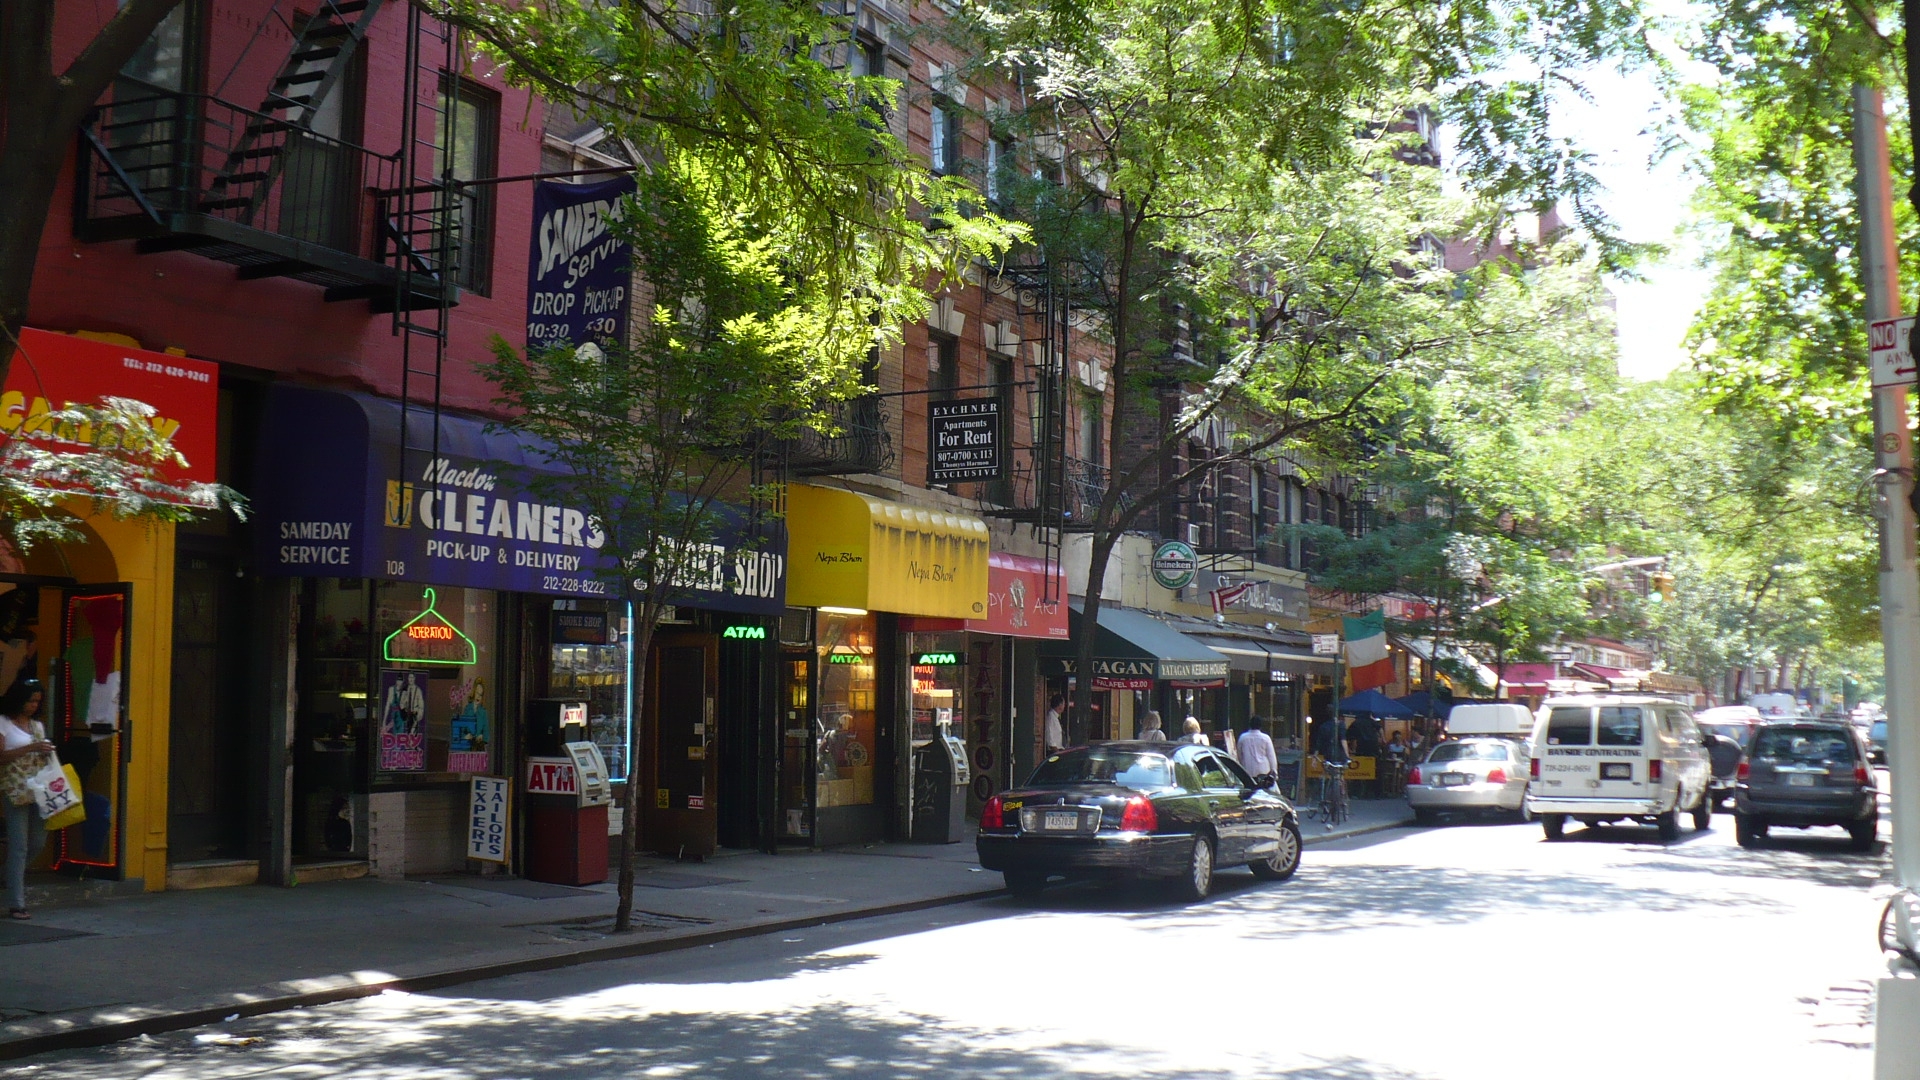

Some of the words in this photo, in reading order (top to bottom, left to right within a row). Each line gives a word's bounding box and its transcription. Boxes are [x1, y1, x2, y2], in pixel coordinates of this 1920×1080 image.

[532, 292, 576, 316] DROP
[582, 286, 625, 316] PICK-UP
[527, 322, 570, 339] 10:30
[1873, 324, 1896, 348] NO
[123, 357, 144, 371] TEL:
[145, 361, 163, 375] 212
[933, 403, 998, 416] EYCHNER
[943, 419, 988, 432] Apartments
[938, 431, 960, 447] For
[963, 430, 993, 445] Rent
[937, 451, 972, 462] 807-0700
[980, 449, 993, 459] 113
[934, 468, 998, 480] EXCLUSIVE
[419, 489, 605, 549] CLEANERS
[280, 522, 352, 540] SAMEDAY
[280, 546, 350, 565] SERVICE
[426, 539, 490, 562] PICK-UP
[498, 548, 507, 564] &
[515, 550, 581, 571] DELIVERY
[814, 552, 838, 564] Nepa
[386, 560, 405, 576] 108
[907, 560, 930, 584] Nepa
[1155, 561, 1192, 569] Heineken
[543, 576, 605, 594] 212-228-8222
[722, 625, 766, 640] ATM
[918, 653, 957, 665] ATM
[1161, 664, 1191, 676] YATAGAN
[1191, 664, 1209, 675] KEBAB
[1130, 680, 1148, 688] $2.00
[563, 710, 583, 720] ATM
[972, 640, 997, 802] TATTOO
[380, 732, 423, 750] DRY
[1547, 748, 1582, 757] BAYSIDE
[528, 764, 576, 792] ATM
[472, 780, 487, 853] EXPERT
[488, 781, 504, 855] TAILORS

▸ **WORK ORDER**:
Output every entry exactly, leaving out pictures.

▸ **ANSWER SECTION**:
Some of the words in this photo, in reading order (top to bottom, left to right within a row). Each line gives a word's bounding box and its transcription. Boxes are [x1, y1, x2, y2], in pixel coordinates of this 1920×1080 image.

[532, 292, 576, 316] DROP
[582, 286, 625, 316] PICK-UP
[527, 322, 570, 339] 10:30
[1873, 324, 1896, 348] NO
[123, 357, 144, 371] TEL:
[145, 361, 163, 375] 212
[933, 403, 998, 416] EYCHNER
[943, 419, 988, 432] Apartments
[938, 431, 960, 447] For
[963, 430, 993, 445] Rent
[937, 451, 972, 462] 807-0700
[980, 449, 993, 459] 113
[934, 468, 998, 480] EXCLUSIVE
[419, 489, 605, 549] CLEANERS
[280, 522, 352, 540] SAMEDAY
[280, 546, 350, 565] SERVICE
[426, 539, 490, 562] PICK-UP
[498, 548, 507, 564] &
[515, 550, 581, 571] DELIVERY
[814, 552, 838, 564] Nepa
[386, 560, 405, 576] 108
[907, 560, 930, 584] Nepa
[1155, 561, 1192, 569] Heineken
[543, 576, 605, 594] 212-228-8222
[722, 625, 766, 640] ATM
[918, 653, 957, 665] ATM
[1161, 664, 1191, 676] YATAGAN
[1191, 664, 1209, 675] KEBAB
[1130, 680, 1148, 688] $2.00
[563, 710, 583, 720] ATM
[972, 640, 997, 802] TATTOO
[380, 732, 423, 750] DRY
[1547, 748, 1582, 757] BAYSIDE
[528, 764, 576, 792] ATM
[472, 780, 487, 853] EXPERT
[488, 781, 504, 855] TAILORS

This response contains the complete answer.